==== Supplied information ====

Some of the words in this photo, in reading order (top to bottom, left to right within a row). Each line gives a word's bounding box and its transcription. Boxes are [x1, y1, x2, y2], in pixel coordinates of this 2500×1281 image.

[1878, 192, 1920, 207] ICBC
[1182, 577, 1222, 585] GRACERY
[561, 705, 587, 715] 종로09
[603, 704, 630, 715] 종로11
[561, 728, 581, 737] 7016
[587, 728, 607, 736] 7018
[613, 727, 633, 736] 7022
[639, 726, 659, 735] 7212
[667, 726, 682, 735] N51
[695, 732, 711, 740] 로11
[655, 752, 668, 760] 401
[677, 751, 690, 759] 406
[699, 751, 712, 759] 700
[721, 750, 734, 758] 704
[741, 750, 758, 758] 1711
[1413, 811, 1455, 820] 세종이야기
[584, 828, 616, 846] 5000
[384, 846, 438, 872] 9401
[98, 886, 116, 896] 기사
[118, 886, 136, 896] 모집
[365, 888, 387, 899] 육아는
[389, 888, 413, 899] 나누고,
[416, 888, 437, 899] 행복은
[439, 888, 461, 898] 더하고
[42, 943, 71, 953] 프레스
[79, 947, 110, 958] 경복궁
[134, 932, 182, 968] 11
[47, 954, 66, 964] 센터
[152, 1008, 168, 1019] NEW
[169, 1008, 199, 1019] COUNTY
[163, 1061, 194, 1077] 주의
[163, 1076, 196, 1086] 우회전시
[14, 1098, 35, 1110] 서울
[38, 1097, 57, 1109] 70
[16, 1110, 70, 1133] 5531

====

What to do :: When you repeat the data, keep each line exactly as given.

Expected answer ::
Some of the words in this photo, in reading order (top to bottom, left to right within a row). Each line gives a word's bounding box and its transcription. Boxes are [x1, y1, x2, y2], in pixel coordinates of this 2500×1281 image.

[1878, 192, 1920, 207] ICBC
[1182, 577, 1222, 585] GRACERY
[561, 705, 587, 715] 종로09
[603, 704, 630, 715] 종로11
[561, 728, 581, 737] 7016
[587, 728, 607, 736] 7018
[613, 727, 633, 736] 7022
[639, 726, 659, 735] 7212
[667, 726, 682, 735] N51
[695, 732, 711, 740] 로11
[655, 752, 668, 760] 401
[677, 751, 690, 759] 406
[699, 751, 712, 759] 700
[721, 750, 734, 758] 704
[741, 750, 758, 758] 1711
[1413, 811, 1455, 820] 세종이야기
[584, 828, 616, 846] 5000
[384, 846, 438, 872] 9401
[98, 886, 116, 896] 기사
[118, 886, 136, 896] 모집
[365, 888, 387, 899] 육아는
[389, 888, 413, 899] 나누고,
[416, 888, 437, 899] 행복은
[439, 888, 461, 898] 더하고
[42, 943, 71, 953] 프레스
[79, 947, 110, 958] 경복궁
[134, 932, 182, 968] 11
[47, 954, 66, 964] 센터
[152, 1008, 168, 1019] NEW
[169, 1008, 199, 1019] COUNTY
[163, 1061, 194, 1077] 주의
[163, 1076, 196, 1086] 우회전시
[14, 1098, 35, 1110] 서울
[38, 1097, 57, 1109] 70
[16, 1110, 70, 1133] 5531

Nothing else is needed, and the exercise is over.